> [Directions for this task]: For each record below, retype the text exactly and omit any image.

(Saved data entries)
● ● ● ● ● ● ●

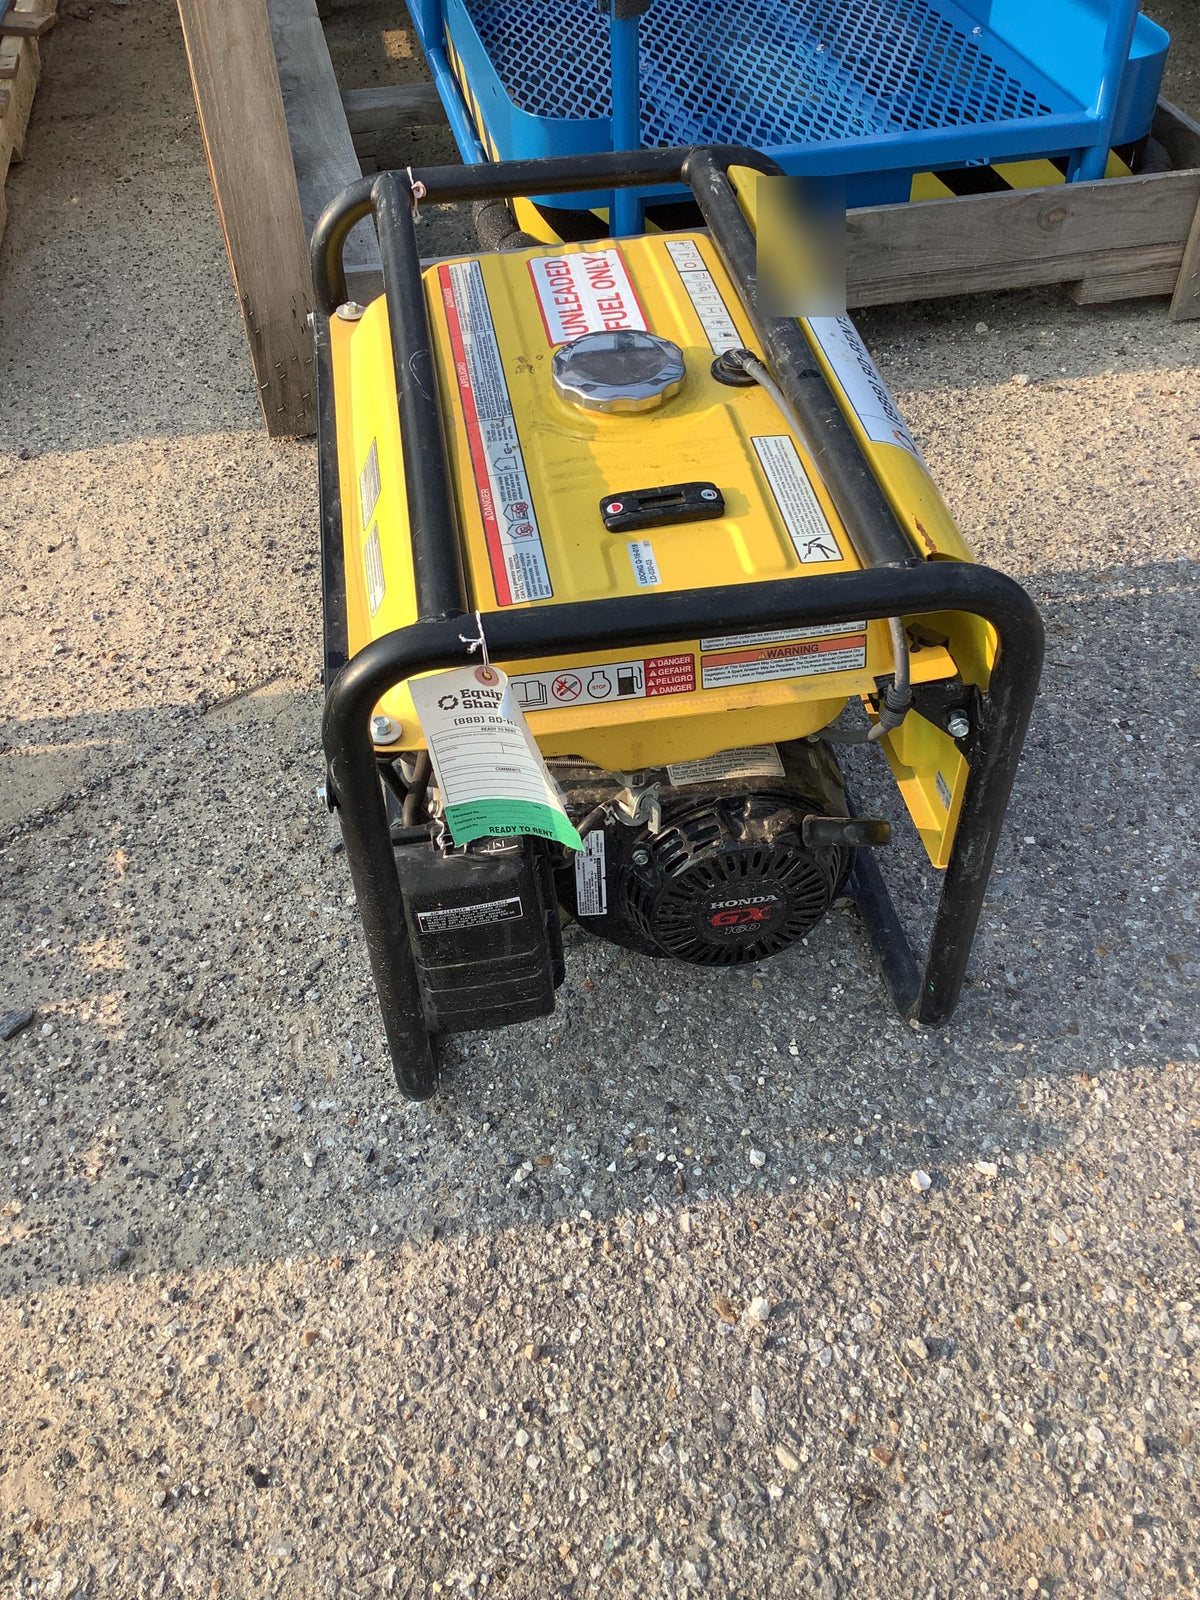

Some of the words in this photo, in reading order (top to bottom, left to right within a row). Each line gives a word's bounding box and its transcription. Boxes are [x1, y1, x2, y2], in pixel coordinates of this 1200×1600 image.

[544, 261, 589, 336] UNLEADED
[597, 292, 631, 331] FUEL
[457, 361, 468, 384] PELIGRO
[479, 488, 493, 515] DANGER
[766, 643, 818, 658] WARNING
[658, 656, 691, 667] DANGER
[658, 666, 691, 676] GEFAHR
[656, 675, 692, 685] PELIGRO
[659, 684, 692, 694] DANGER
[454, 716, 484, 725] (888)
[533, 828, 553, 837] RENT
[710, 895, 779, 909] HONDA
[711, 905, 773, 926] GX
[725, 923, 760, 935] 160

● ● ● ● ● ● ●

> [Task response]:
Some of the words in this photo, in reading order (top to bottom, left to right within a row). Each line gives a word's bounding box and its transcription. Boxes are [x1, y1, x2, y2], in pixel coordinates of this 1200×1600 image.

[544, 261, 589, 336] UNLEADED
[597, 292, 631, 331] FUEL
[457, 361, 468, 384] PELIGRO
[479, 488, 493, 515] DANGER
[766, 643, 818, 658] WARNING
[658, 656, 691, 667] DANGER
[658, 666, 691, 676] GEFAHR
[656, 675, 692, 685] PELIGRO
[659, 684, 692, 694] DANGER
[454, 716, 484, 725] (888)
[533, 828, 553, 837] RENT
[710, 895, 779, 909] HONDA
[711, 905, 773, 926] GX
[725, 923, 760, 935] 160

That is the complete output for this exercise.